Some room for optimism
At the same time, the chairperson of the NAC Analytica corporate fund, Aktoty Aitzhanova, is more optimistic on growth projections, saying that, “given the assumption on oil price and world trade, the real GDP of Kazakhstan is expected to contract 2.5 per cent in 2020 before recovering by four per cent in 2021. Domestic output is expected to reach its pre-pandemic level in quarter three of 2021.”
The Kazakhstan authorities have implemented strong policy measures to minimise the pandemic’s impact on people and the economy.

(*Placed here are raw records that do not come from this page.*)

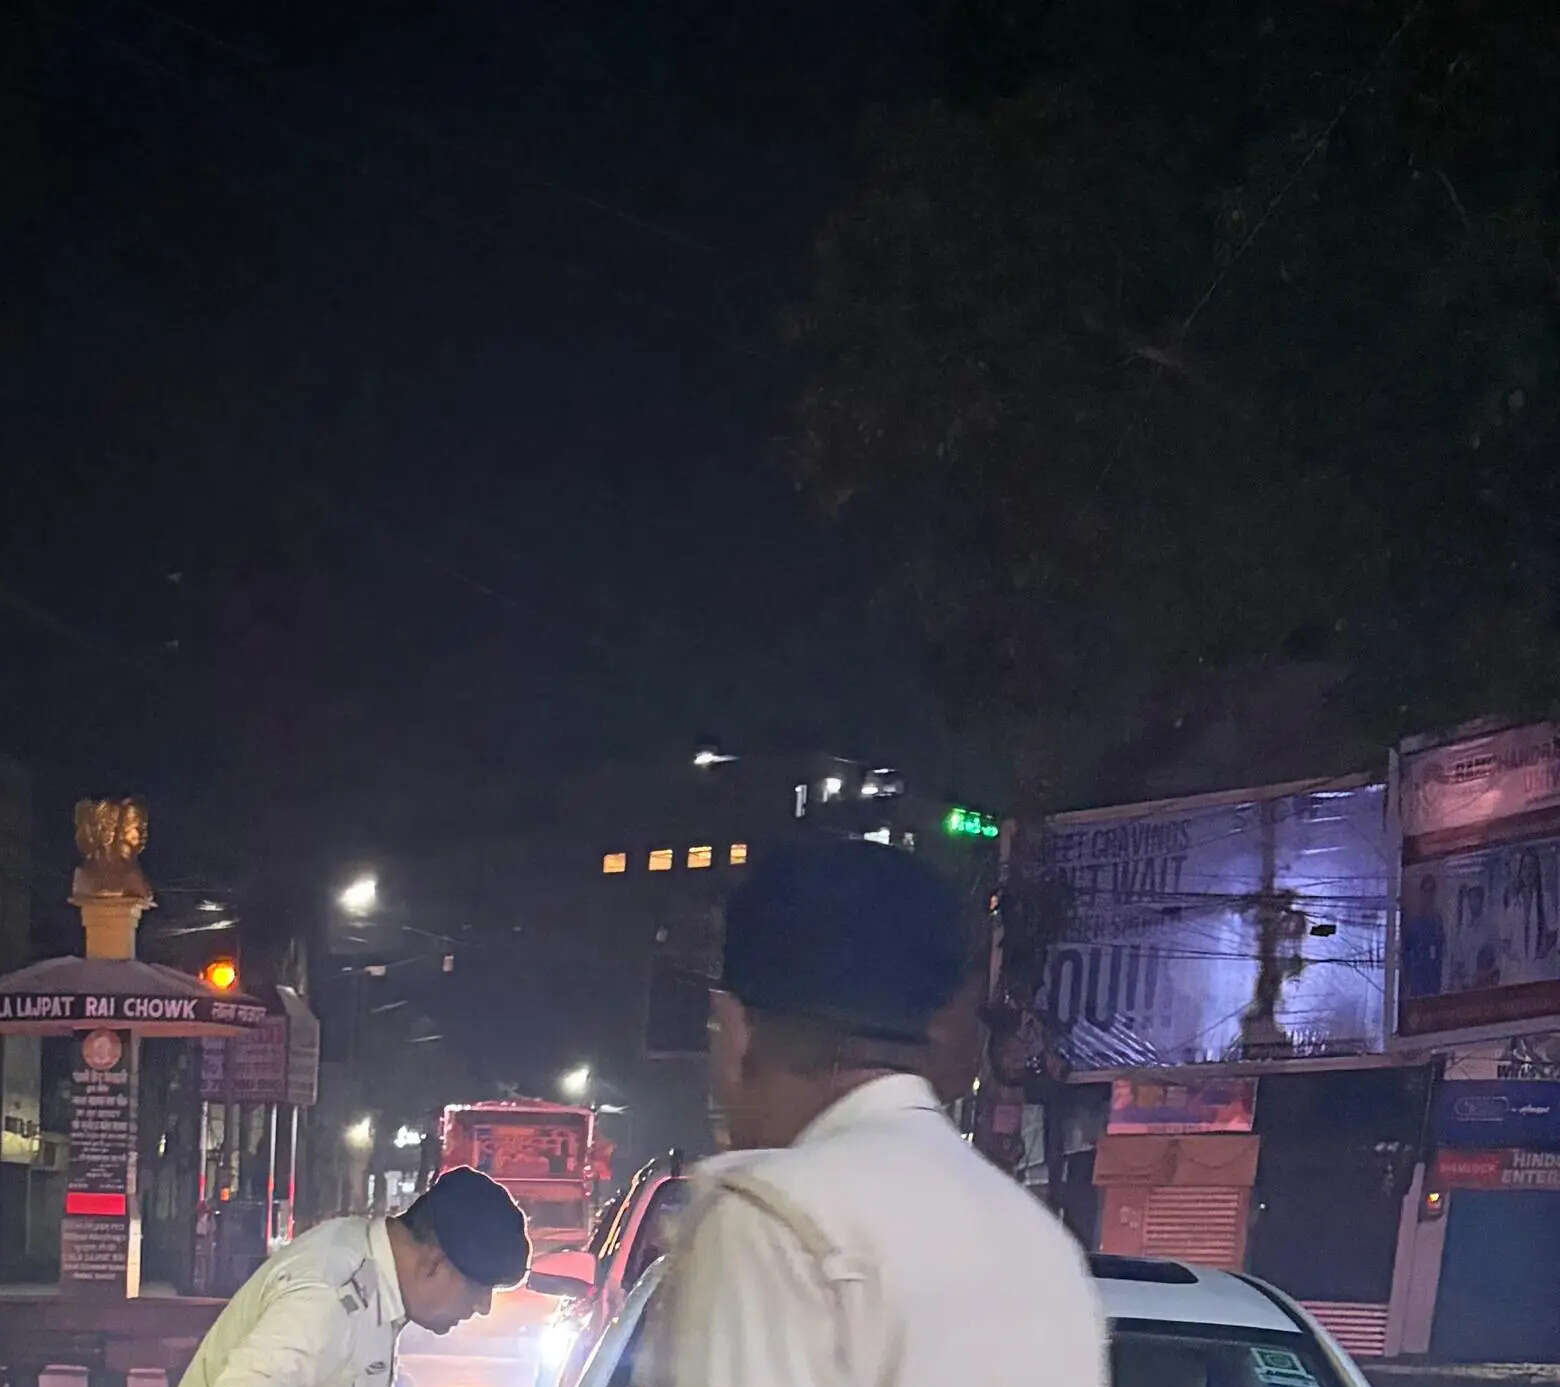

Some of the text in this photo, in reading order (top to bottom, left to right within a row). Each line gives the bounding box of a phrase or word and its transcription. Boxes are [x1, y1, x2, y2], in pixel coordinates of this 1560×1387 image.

[16, 996, 75, 1018] LAJPAT
[85, 996, 114, 1017] RAI
[123, 997, 199, 1019] CHOWK
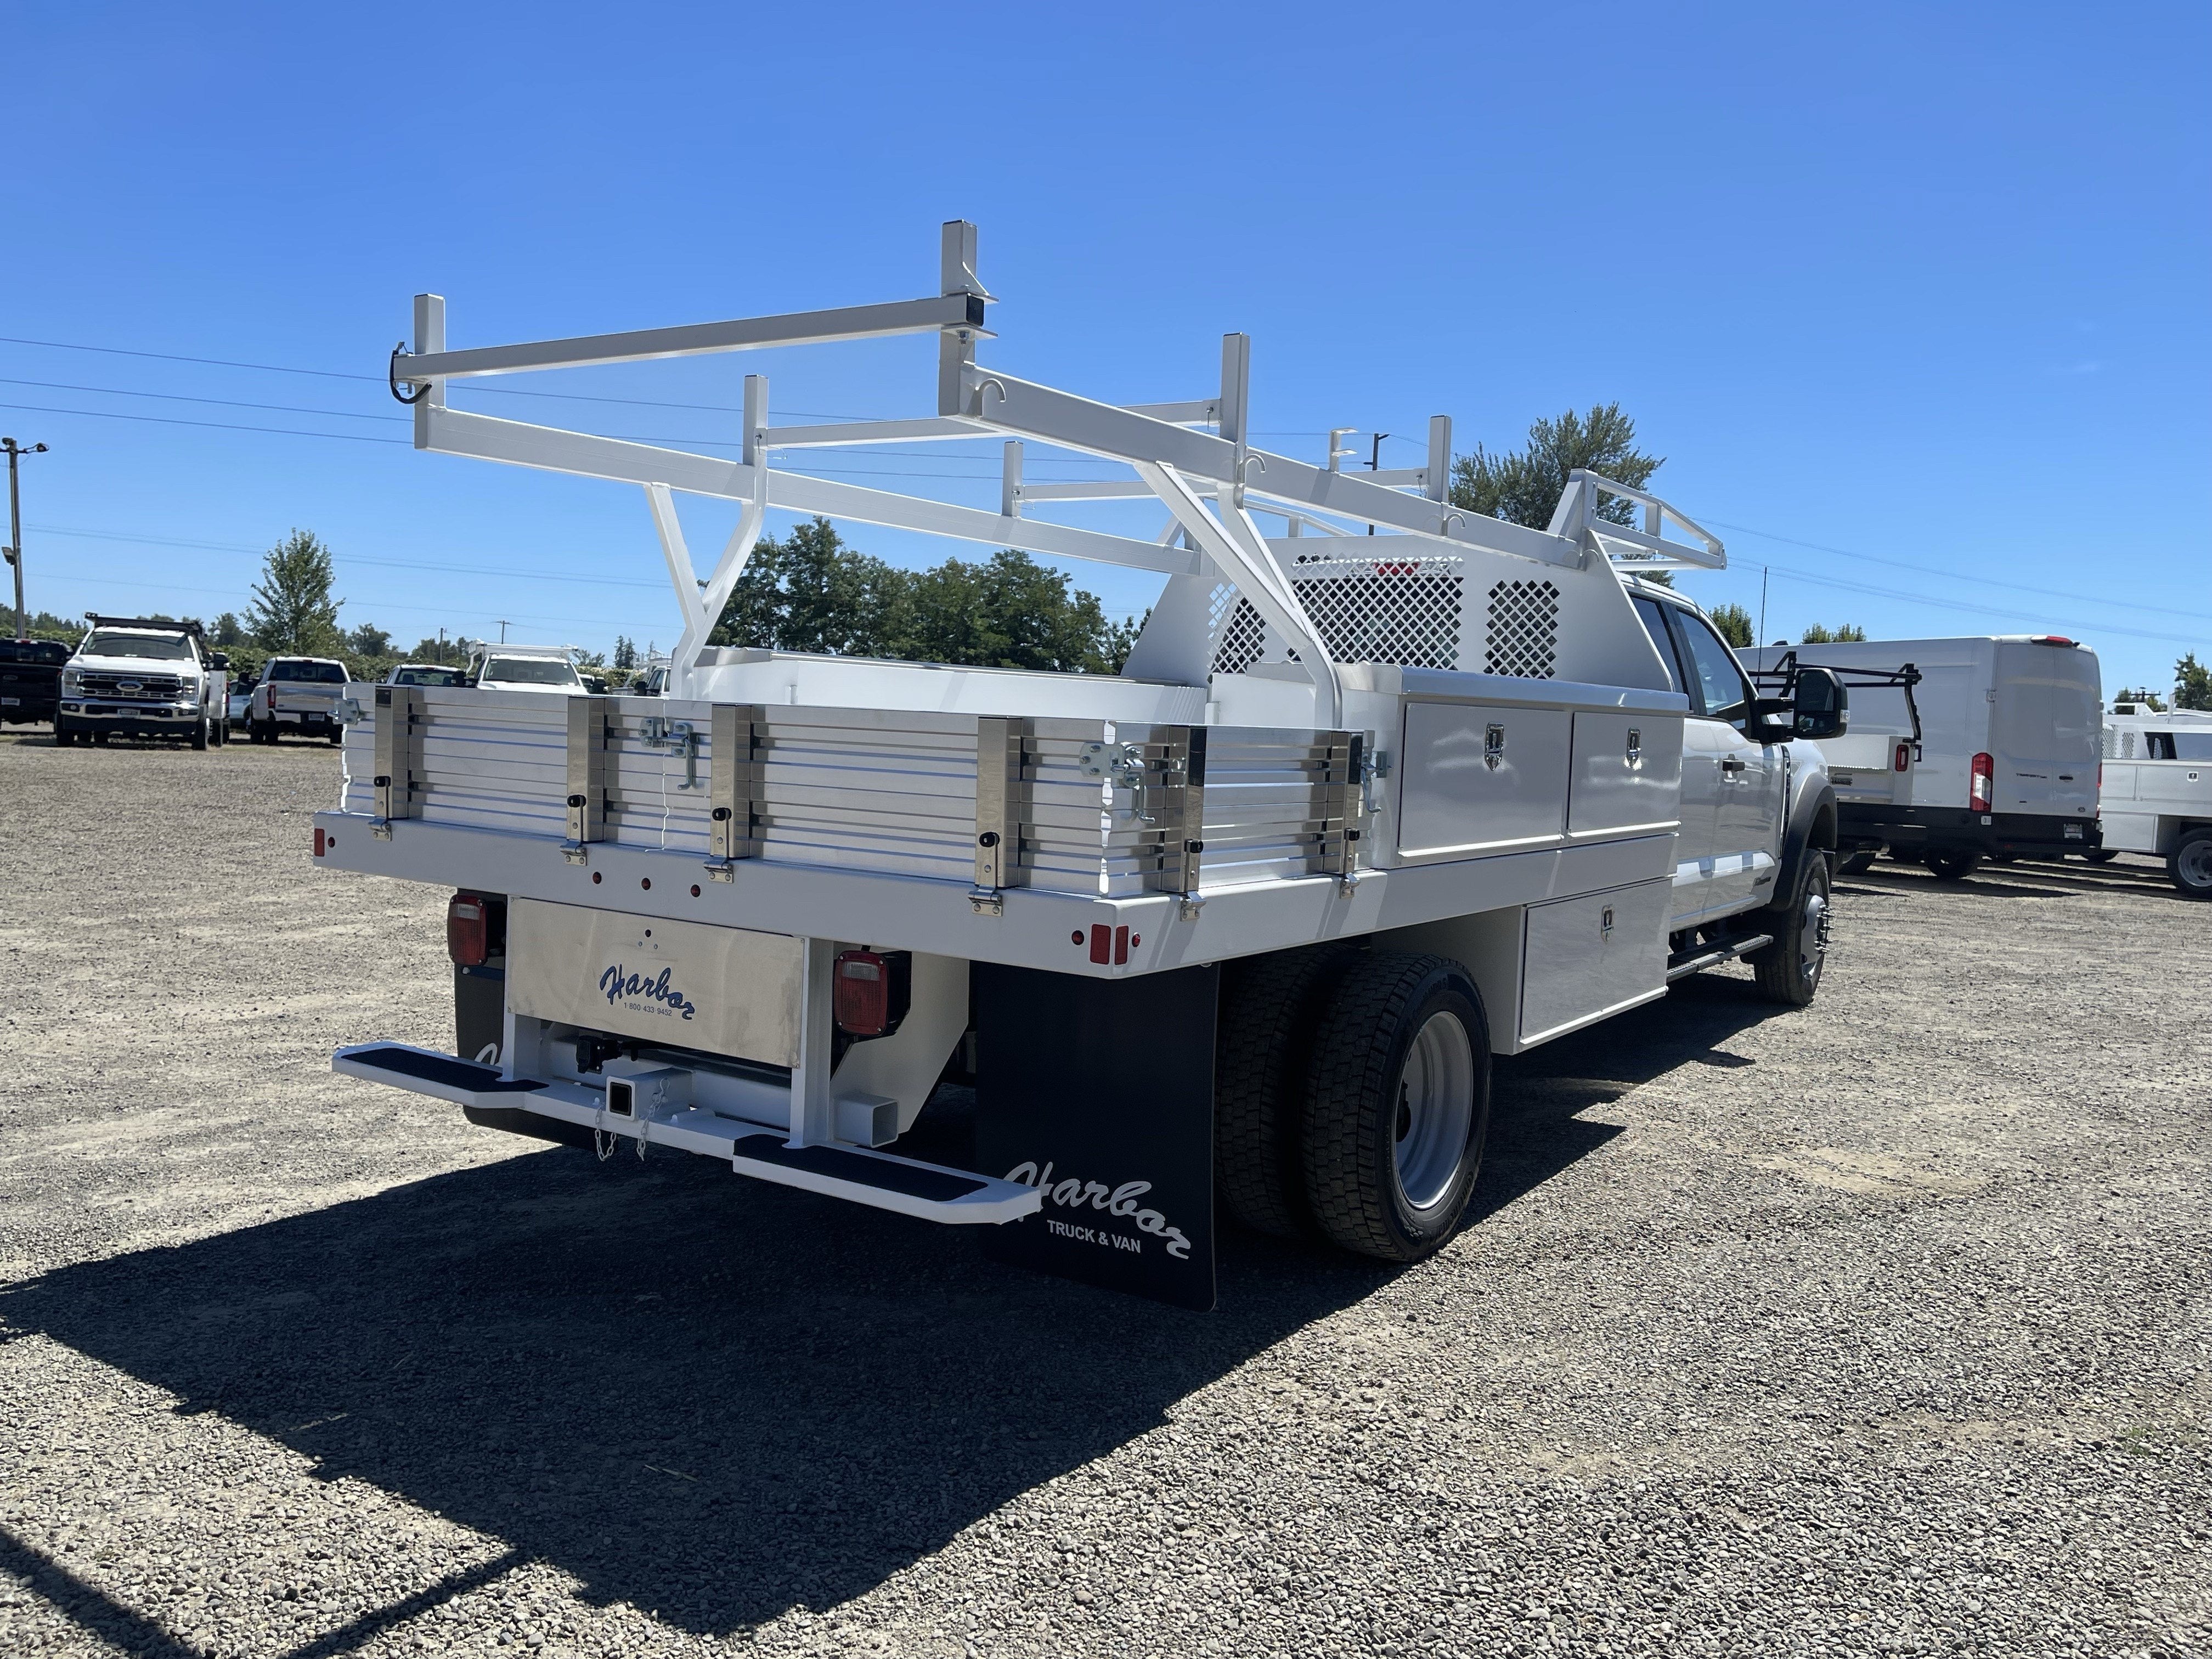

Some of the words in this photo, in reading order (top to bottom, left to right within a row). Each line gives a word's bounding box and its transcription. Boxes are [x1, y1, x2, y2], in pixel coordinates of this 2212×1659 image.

[600, 964, 695, 1020] Harbor
[657, 1008, 672, 1016] 9452
[1047, 1220, 1096, 1243] TRUCK
[1098, 1232, 1109, 1245] &
[1111, 1234, 1141, 1253] VAN
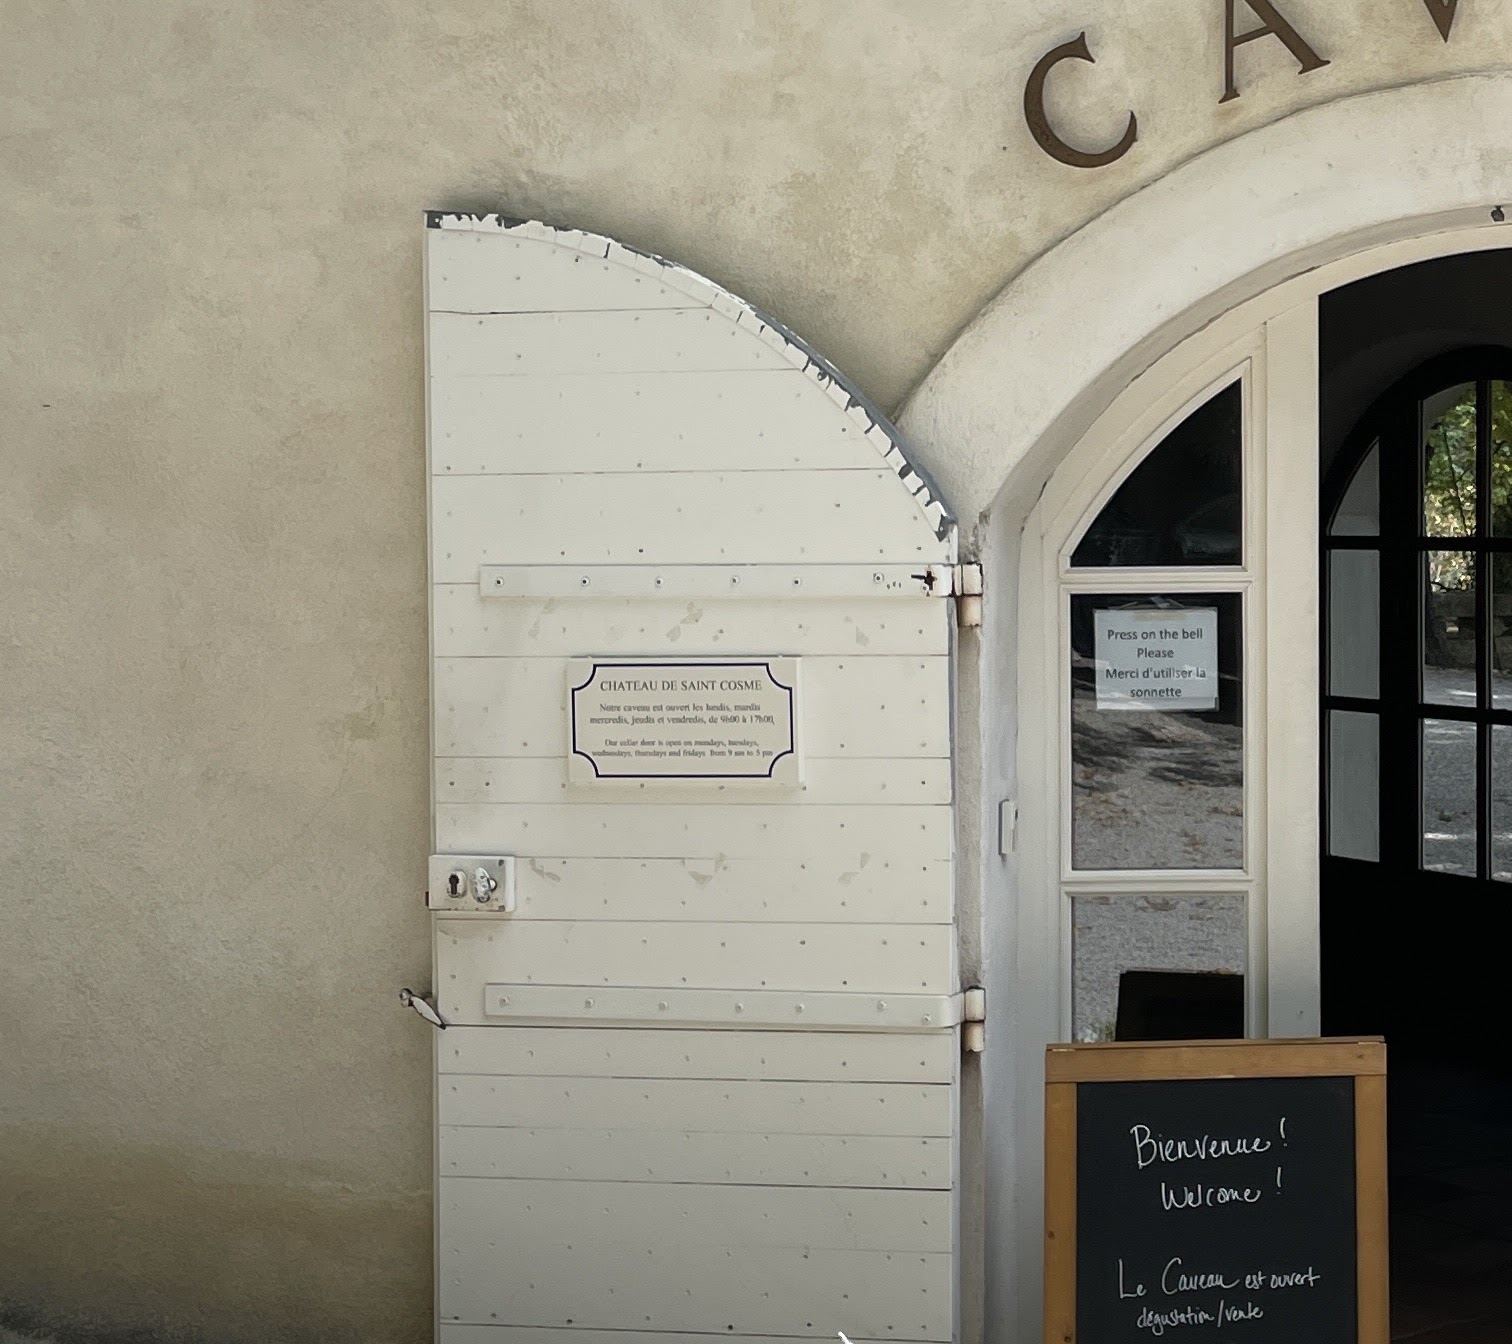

However, Olzhas Khudaibergenov, founder and senior partner of the Center for Strategic Initiatives (CSI) highlights that, “measures to support the Kazakh economy during the pandemic should not be short-term. They should assume that the pandemic will have an impact for another two-three years.”
All experts agree however on the urgency of addressing the long-standing problems that diminish productivity growth, and strengthening the quality of social measures to protect the most vulnerable in Kazakhstan.